The other common criteria to take into account when choosing a database is whether or not it needs to support distributed mode of operation (a database running on multiple servers, but looking like a single copy to users/apps). MongoDB, Cassandra, Hive, and Postgres all provide built-in support for distributed deployment.

Choices for this tutorial

In future evolutions of this tutorial, we'll try to show how to use almost any combination of the above options. The first version of will use:

  • Data Source: NewsAPI - NewsAPI provides free API access
  • Processing Framework: Spark - Spark is one of the more developed of these solutions and is currently a popular choice in industry (e.g.: something that's really good for a resume). Specifically this tutorial will use a Databricks account to get free access to an existing Spark cluster to avoid having to deal with setup of computing hardware--there are great resources for learning how to do this, but it is outside of the scope of learning to do something interesting with Scala
  • Database: Hive - Hive is supported out of the box by Databricks, so we'll use this for starters so we can get straight to working with data, rather than paying for compute resources and spending a lot of time and headache installing and running a database.
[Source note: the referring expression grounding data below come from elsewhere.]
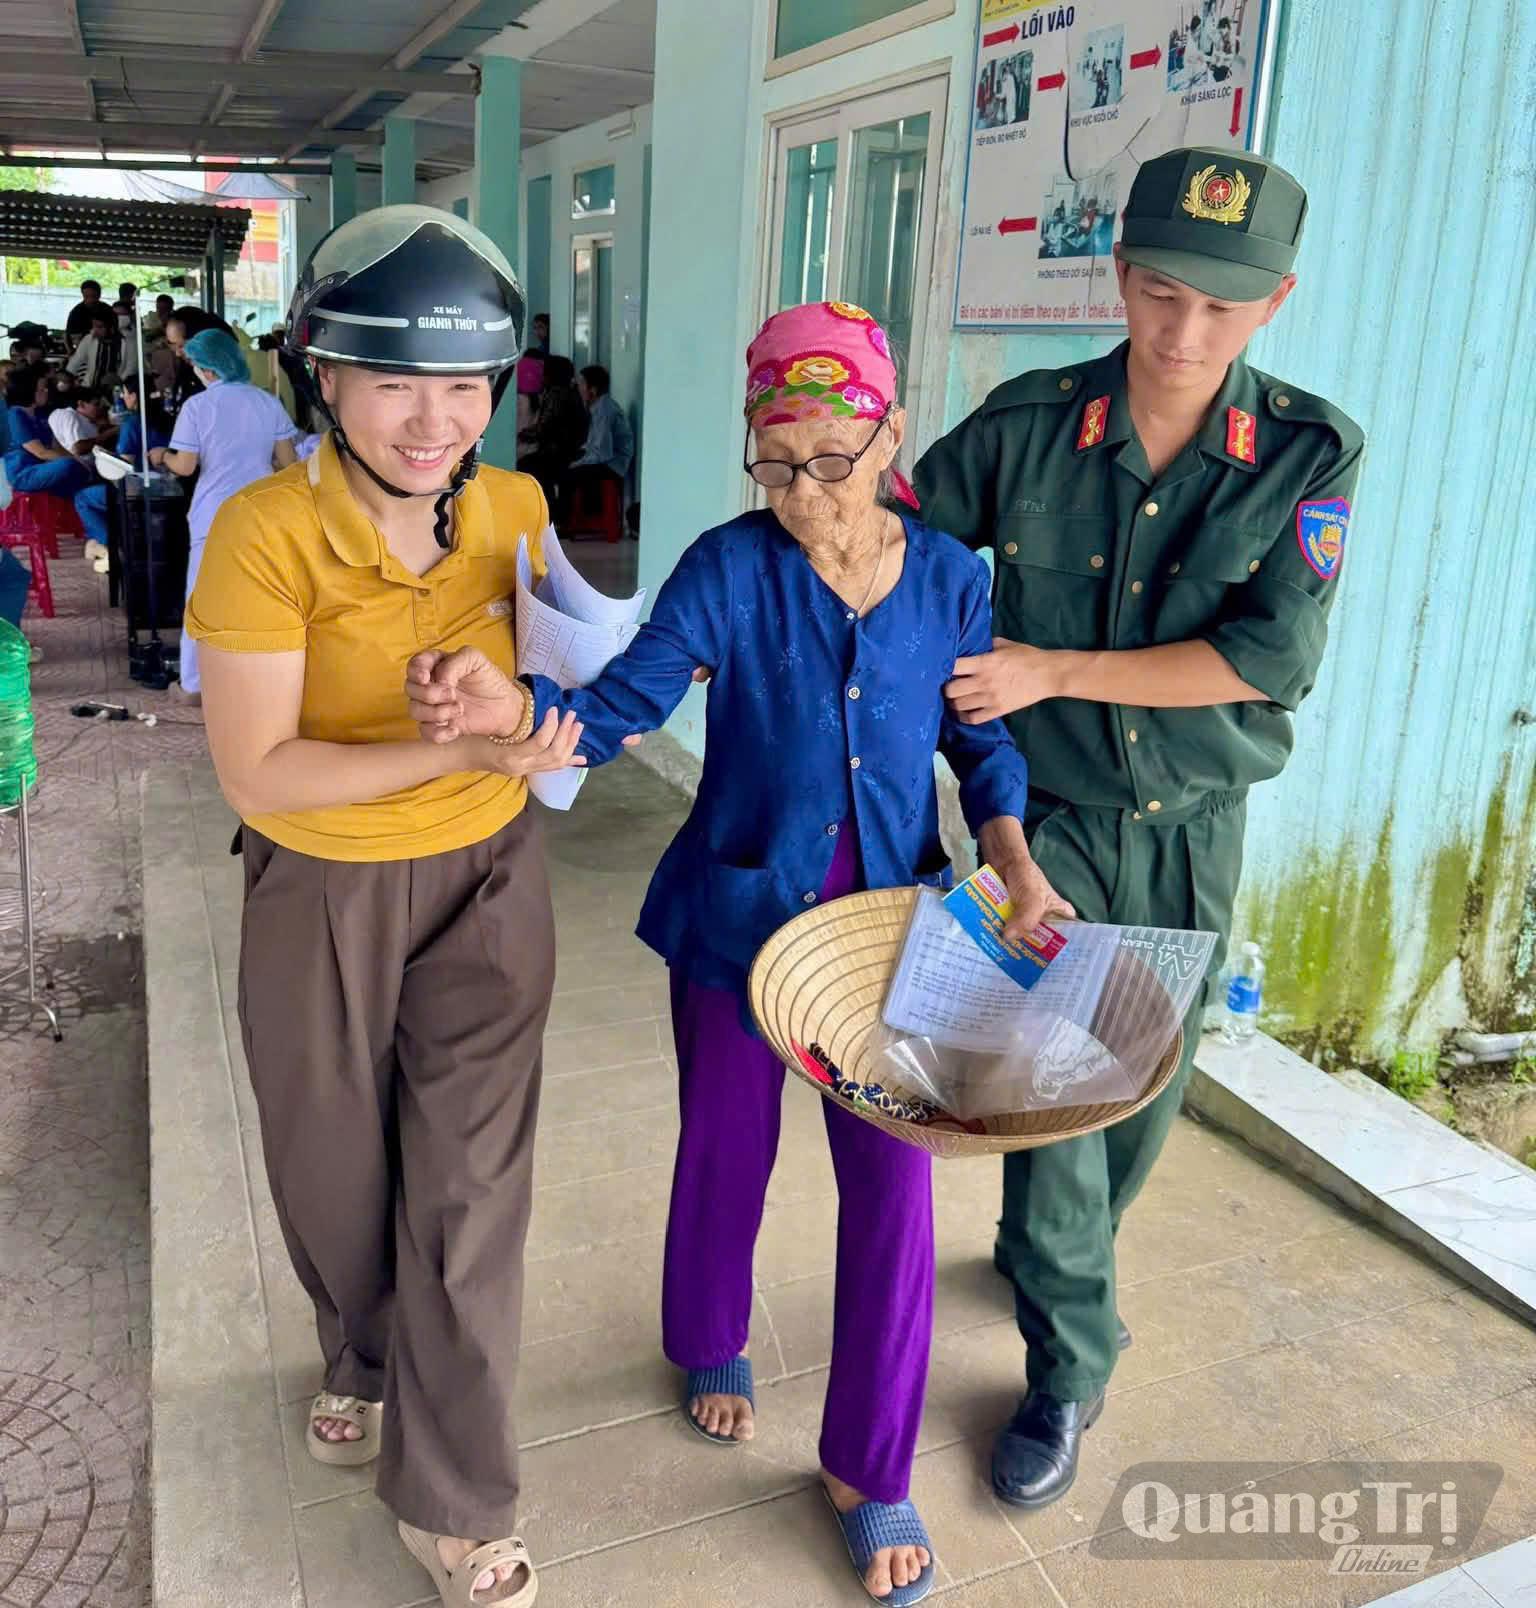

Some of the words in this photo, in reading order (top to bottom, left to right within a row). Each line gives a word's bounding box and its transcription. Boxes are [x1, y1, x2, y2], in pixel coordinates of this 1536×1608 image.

[1021, 9, 1043, 40] LỐI
[1047, 5, 1075, 32] VÀO
[433, 306, 444, 314] XE
[445, 305, 463, 315] MÁY
[417, 316, 452, 330] GIANH
[1121, 938, 1155, 950] CLEAR
[1158, 943, 1206, 980] A4
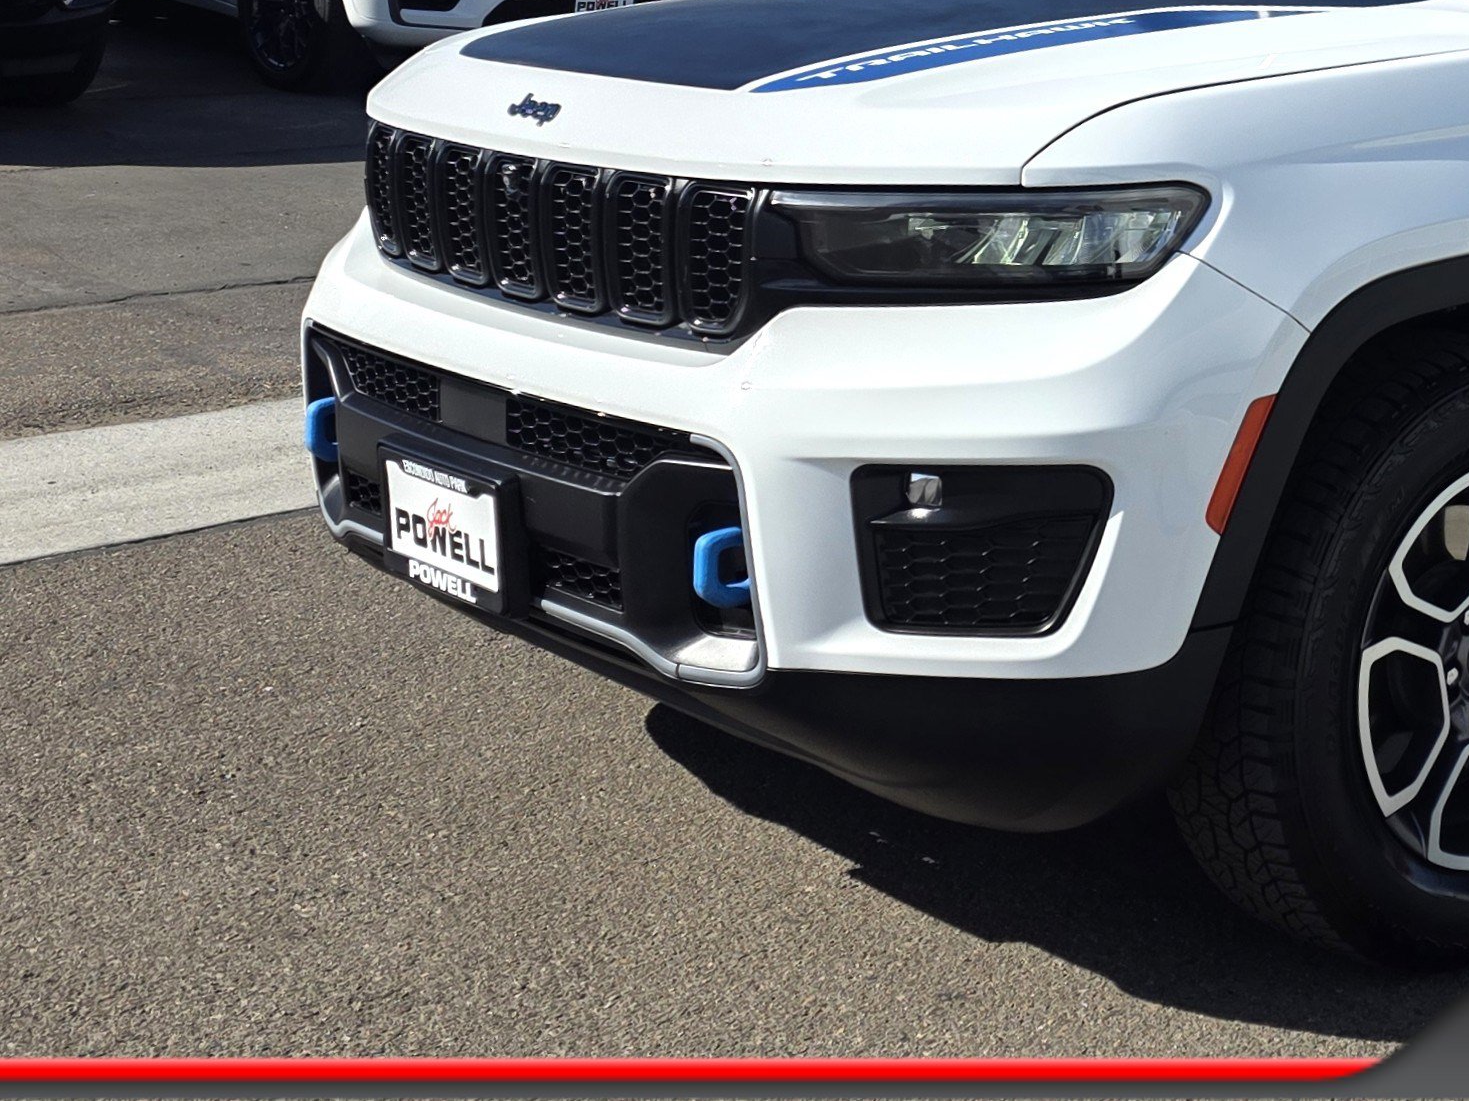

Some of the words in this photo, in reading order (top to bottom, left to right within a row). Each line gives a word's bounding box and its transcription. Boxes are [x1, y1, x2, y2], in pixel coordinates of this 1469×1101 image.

[796, 16, 1137, 82] TRAILHAWK
[507, 92, 563, 127] Jeep
[395, 506, 496, 576] POWELL
[408, 559, 478, 604] POWELL
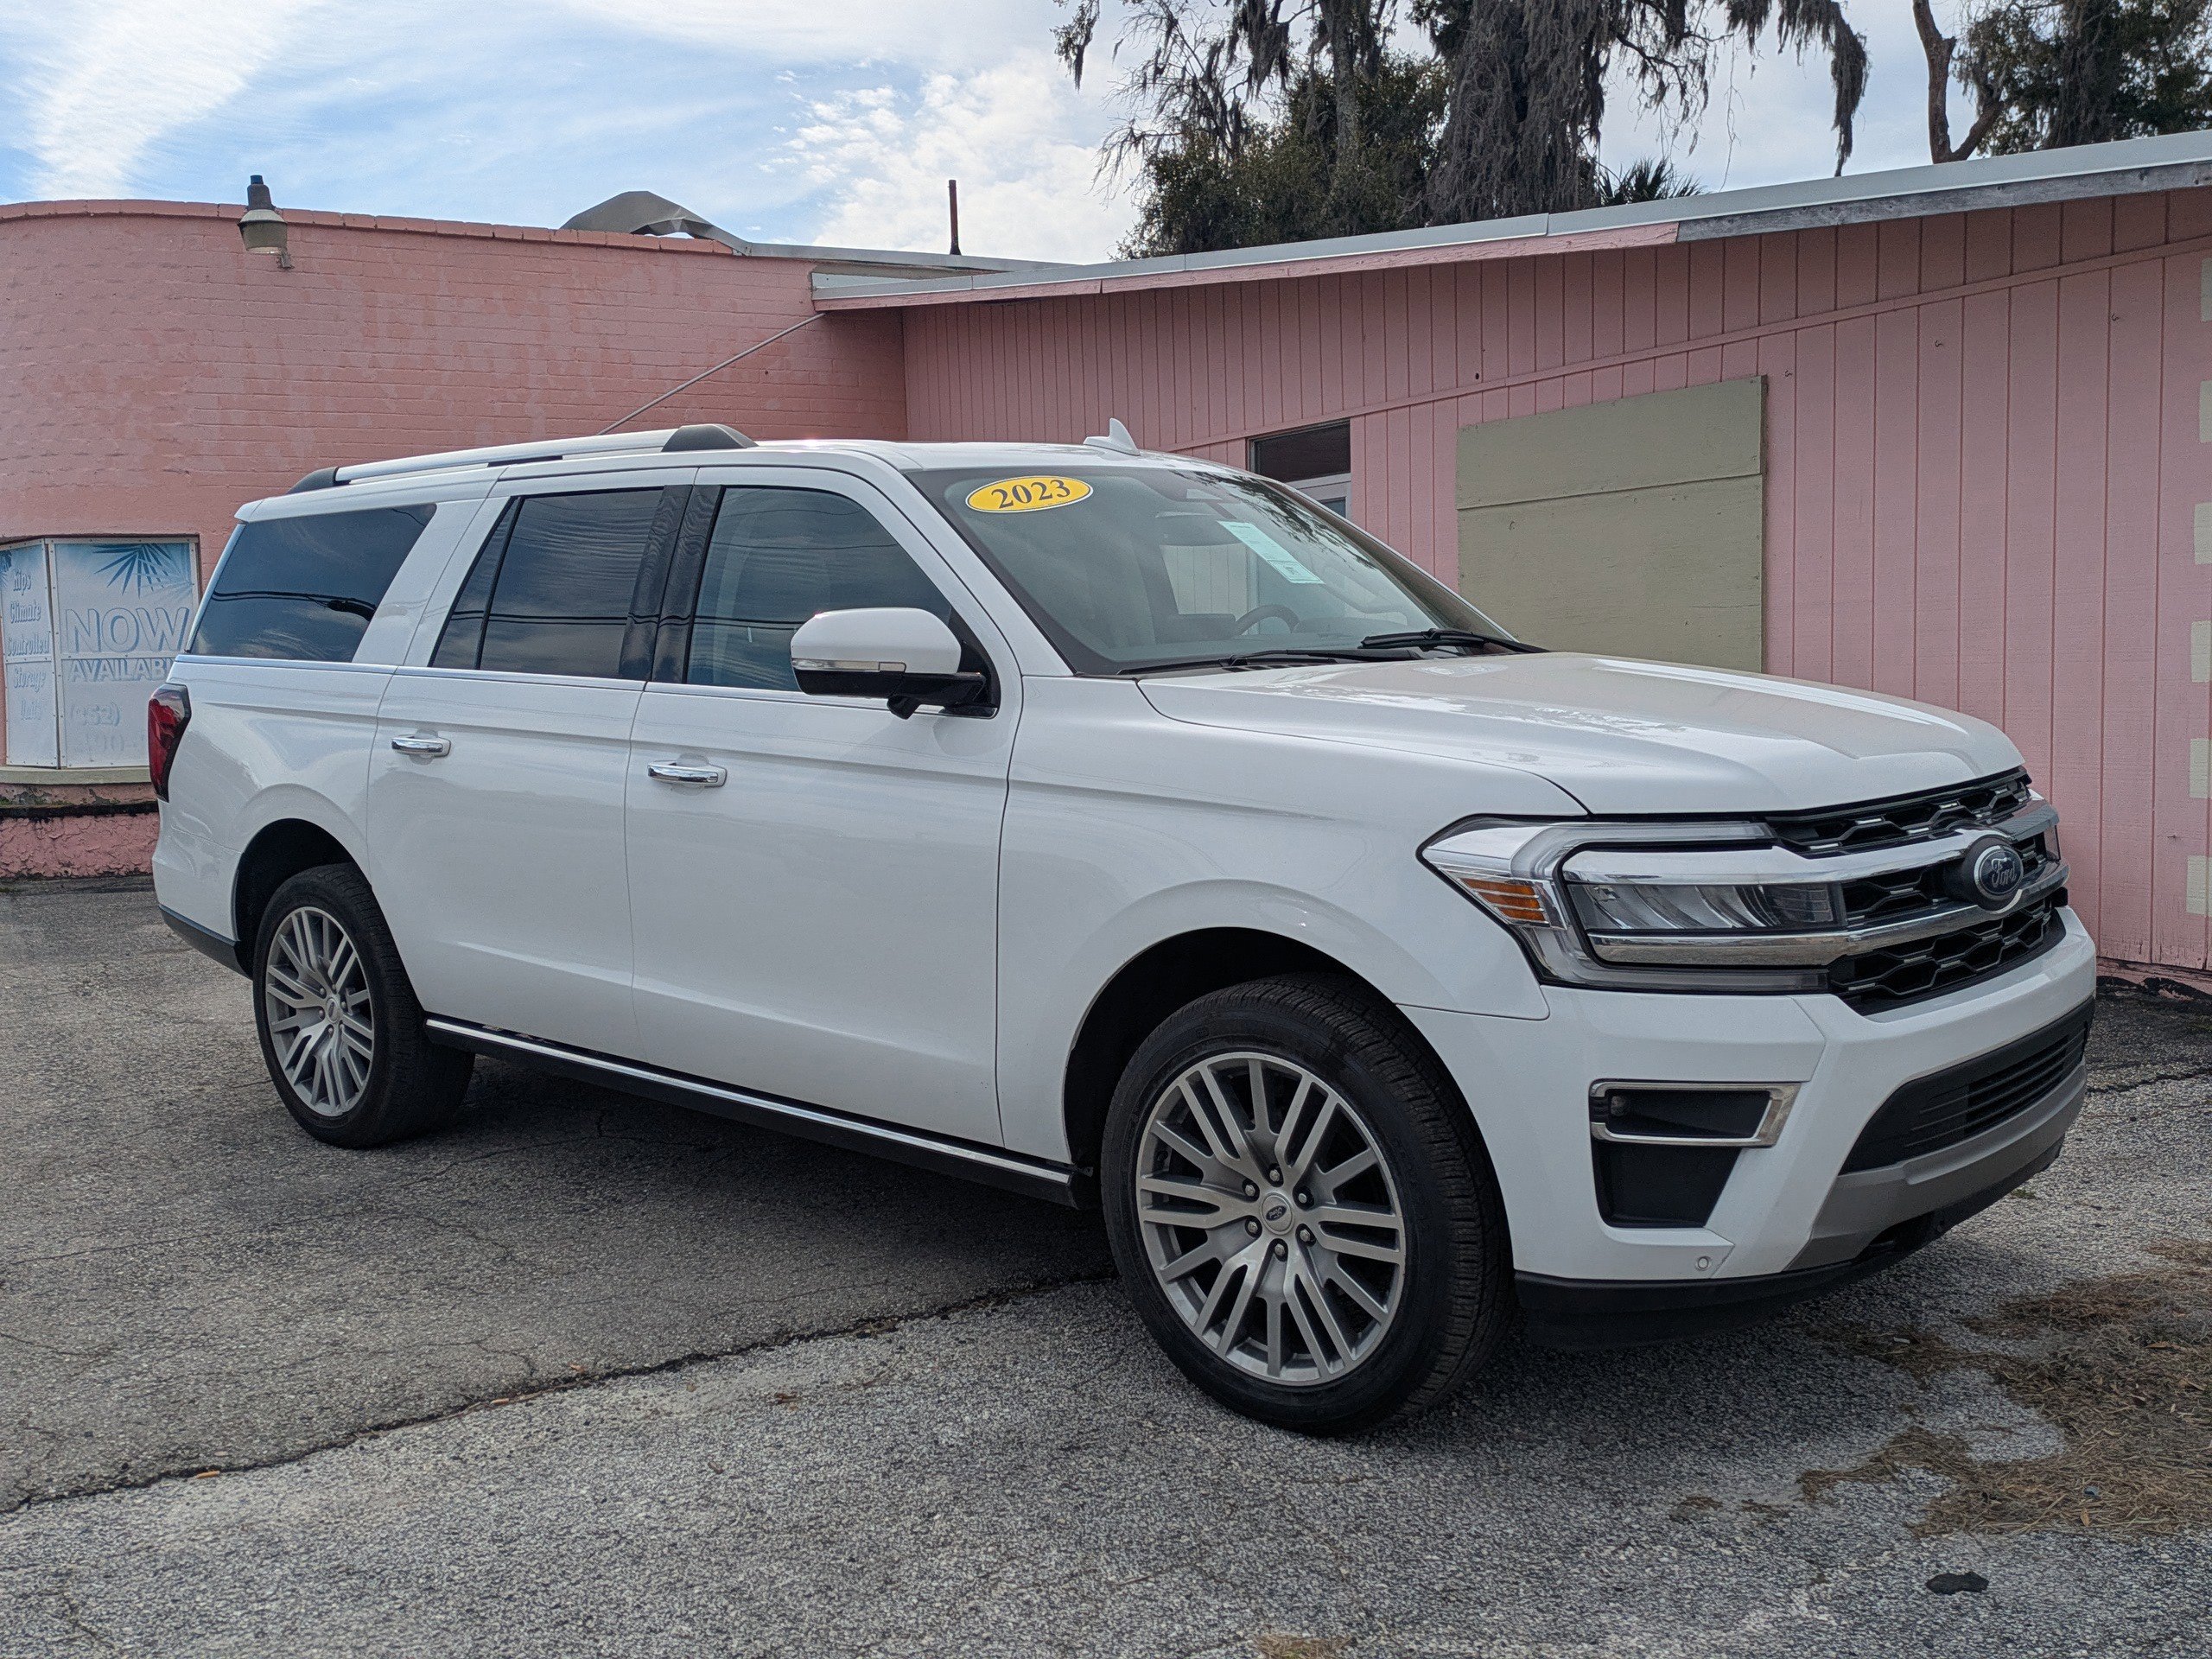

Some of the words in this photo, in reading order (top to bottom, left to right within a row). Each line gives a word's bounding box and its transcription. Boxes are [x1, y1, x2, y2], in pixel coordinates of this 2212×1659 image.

[991, 480, 1071, 509] 2023
[10, 600, 41, 624] Climate
[8, 632, 50, 657] Controlled
[65, 607, 190, 654] NOW
[1991, 856, 2017, 888] Ford
A future version of this will probably also include creating and using a dashboard to allow a user to change what kinds of filters are applied and visualize the result.

By the way, if you want to use something different, find out what the latest version of a library is, etc, the Maven Repository index is the place to search--this is something I use often in development.

Time to actually do something!

Ok, it's time to actually write code. This section has been designed around using a web-based installation of Scala and other tools, but if you want to practice and work on things locally, this repo also includes a runnable app based on the tutorial. You just have to have Scala and sbt installed.

Getting access

The first thing to set up is access accounts for NewsAPI and Databricks Community Edition. Both accounts are free.

On Databricks, click the link that says "Start Today" under "Community Edition". This is the account tier that remains free (note: the data you load into their platform is not private--this is the gotcha for this particular service, but is not an issue for this tutorial since this app will be processing a stream of public data and won't include any private data from the developer or anyone else). After completing the registration form, Databricks will send you an email to confirm your email address.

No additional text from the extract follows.